Claremont McKenna College


January 19, 87

Vol. 02 , No. 06   


View Entire Issue (Vol. 02 , No. 06)


Authority and Rebellion: The Individual and Modern Literature
CHAIM POTOK
Monday, February 2, 1987

The Writer/Artist Against the World
CHAIM POTOK
Tuesday, February 3, 1987

0n February 2 and 3 the Athenaeum welcomes best-selling author Rabbi Chaim Potok, who will speak on "Authority and Rebellion: The Individual and Modern Literature" and "The Writer/Artist Against the World." The son of two Polish immigrants, Chaim Potok was born into a Jewish family and schooled in all-male parochial school or yeshiva. In an interview with Newsday, Potok recalled his mother's reaction when he told her that he thought he would spend his life writing stories: "She looked and said, 'You want to write stories? That's very nice. You be a brain surgeon, and on the side you write stores'." Instead of going into medicine, Potok became a rabbi and a writer. He has used his deeply Judaic background to make him one of the foremost commentators on the Jewish-American experience.

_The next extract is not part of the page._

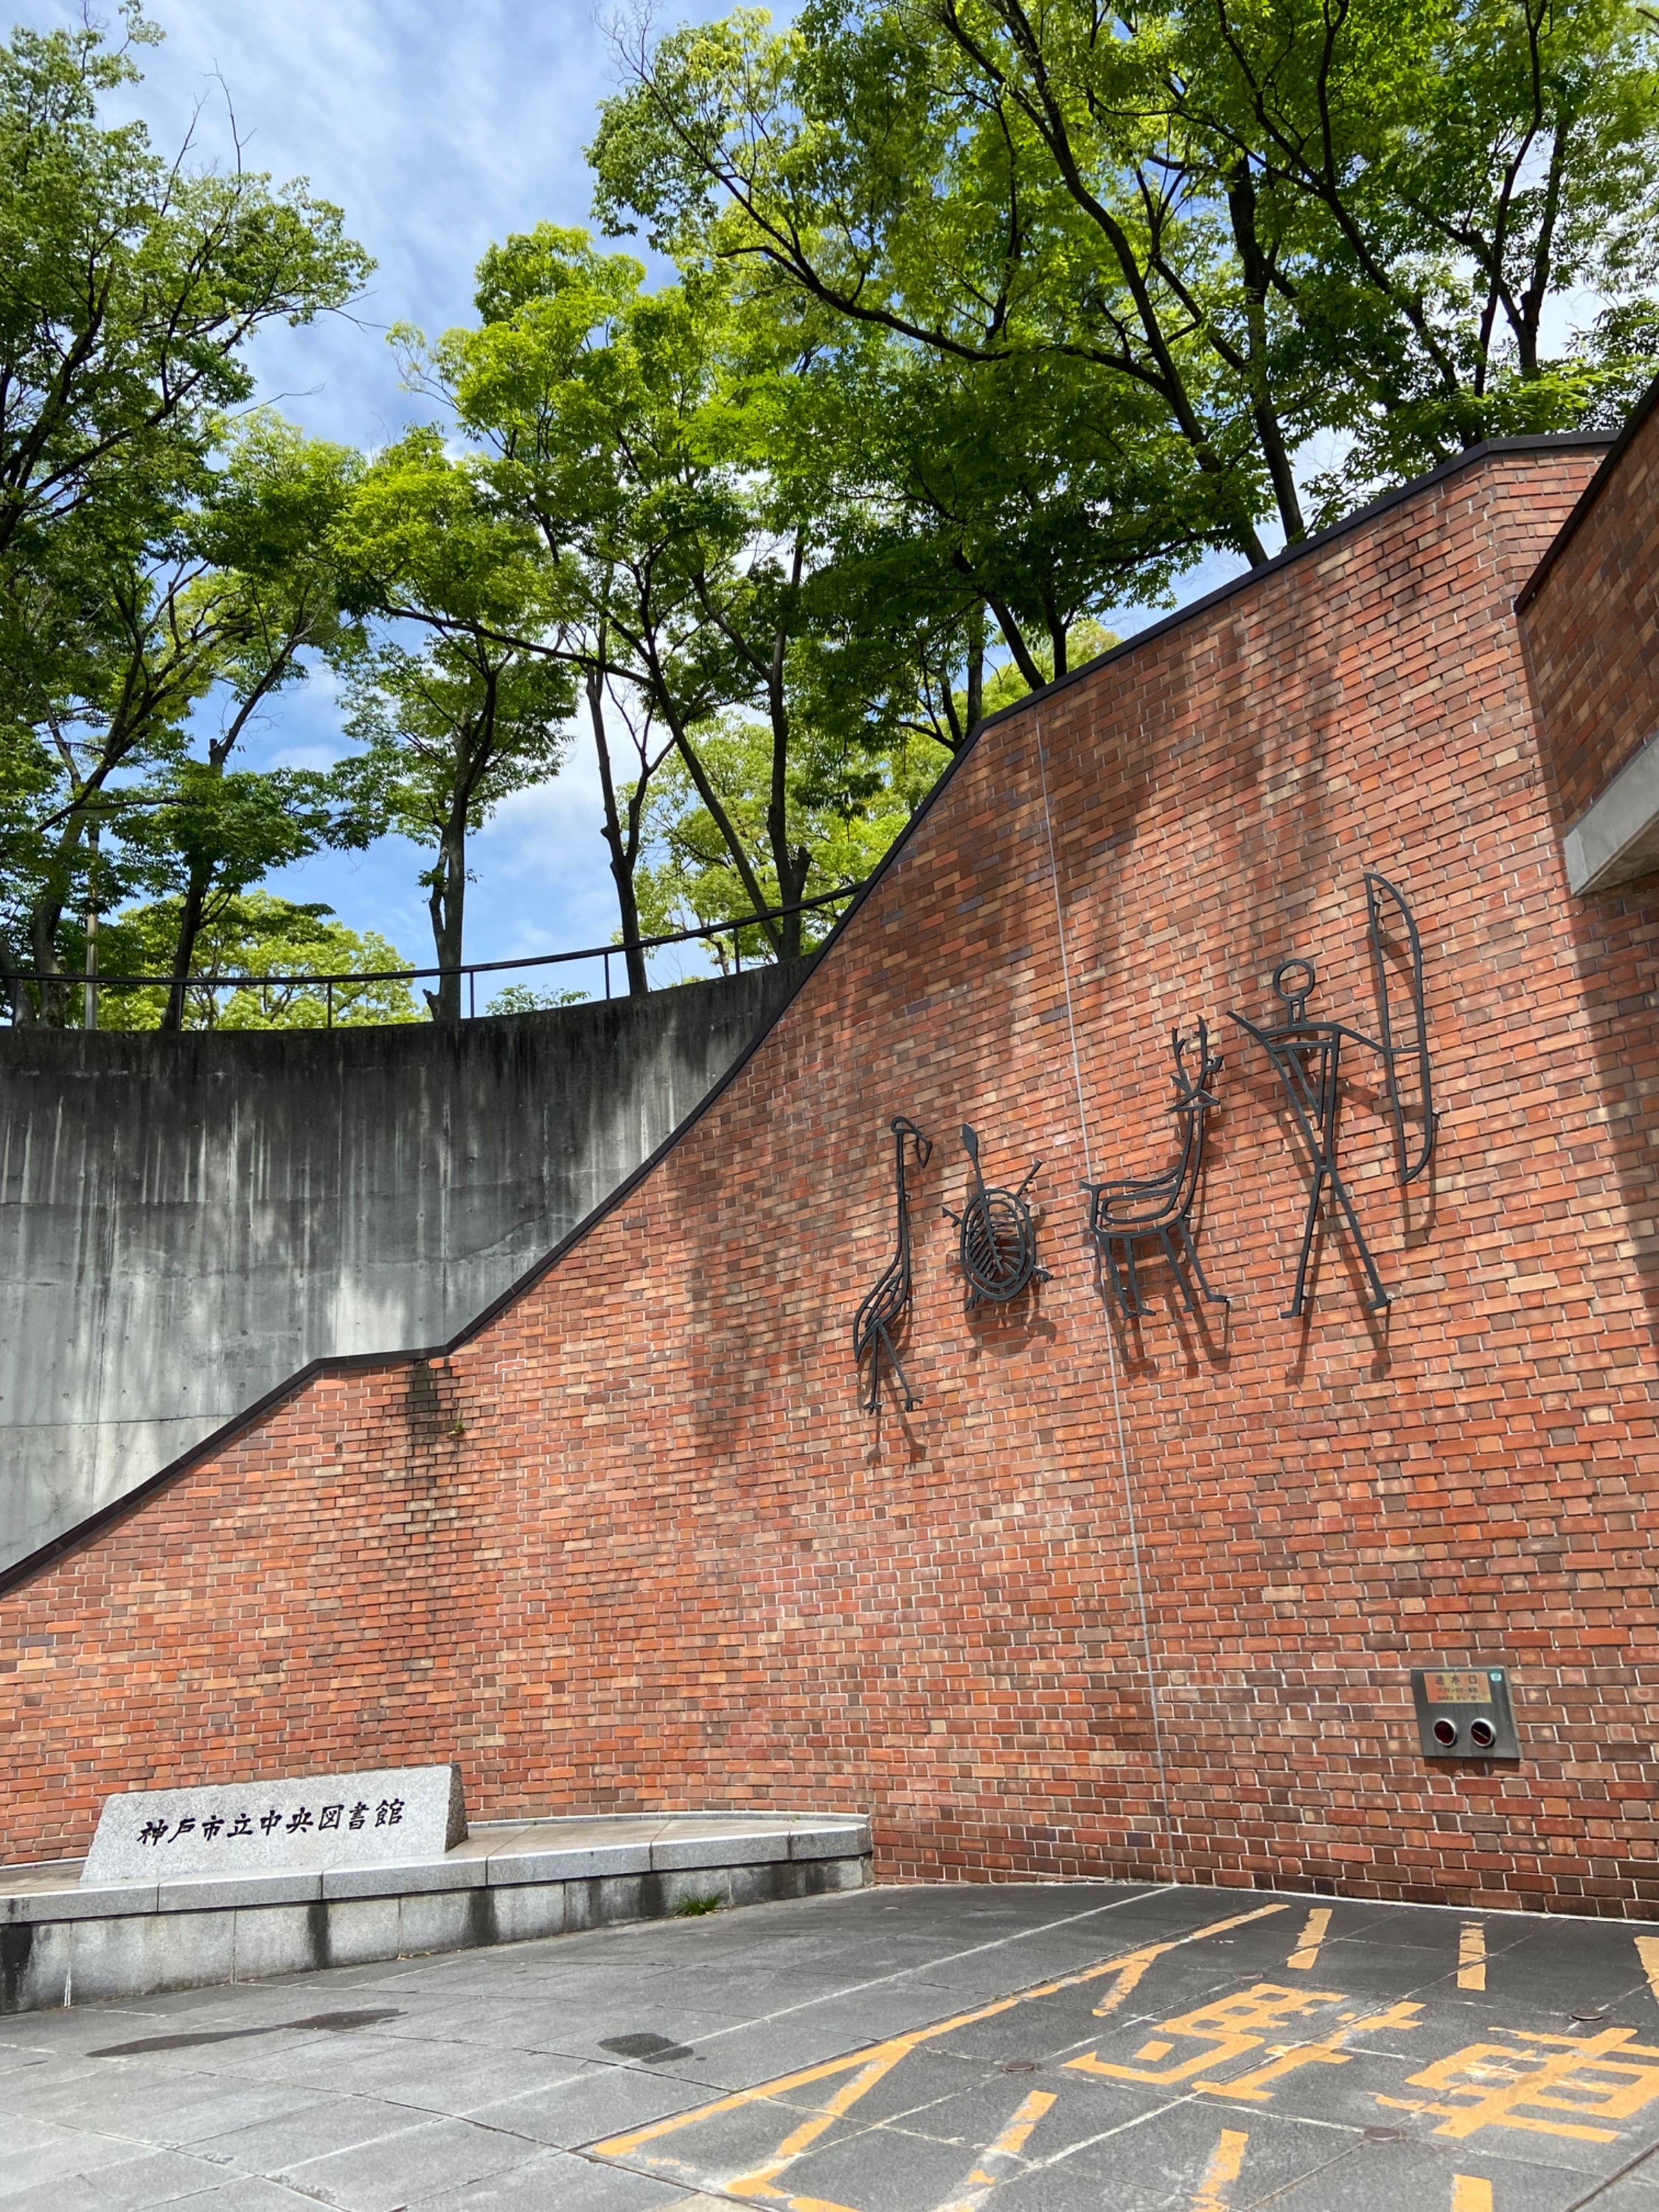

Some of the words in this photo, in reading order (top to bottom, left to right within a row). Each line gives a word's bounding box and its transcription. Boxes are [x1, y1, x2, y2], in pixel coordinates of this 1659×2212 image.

Potok received his rabbinical ordination and a master's degree in Hebrew literature from the Jewish Theological Seminary, and completed work for his Ph.D. in philosophy at the University of Pennsylvania. Dr. Potok has taught at the University of Judaism in Los Angeles, as well as at the Jewish Theological Seminary in New York. Before devoting full time to writing and lecturing, he served as editor of the Jewish Publication Society in Philadelphia.

The author of six novels and one history, Potok says his work explores the conflicts of "individuals who are very committed to the core of their particular world, Judaism, and at the same time committed to the ideas that come to them from the core of the secular umbrella world in which they live." The piece for which he is known best, The Chosen (1967), was made into a motion picture several years ago. Other books include In the Beginning (1975) and The Book of Lights (1981), the latter recounting the experiences of a young chaplain in Korea, where Potok served from 1955 to 1957.

Chaim Potok's world speaks to Jews and non-Jews alike. Dr. Potok is widely read in both Jewish and secular texts, and is respected for his fiction and his scholarship. In addition to these accomplishments, he is a painter, and has been exhibiting since 1979.

The wide-ranging knowledge and interests of Chaim Potok, coupled with his dynamic presentational style and his skill as a storyteller, should make his visit among the most outstanding programs of the term.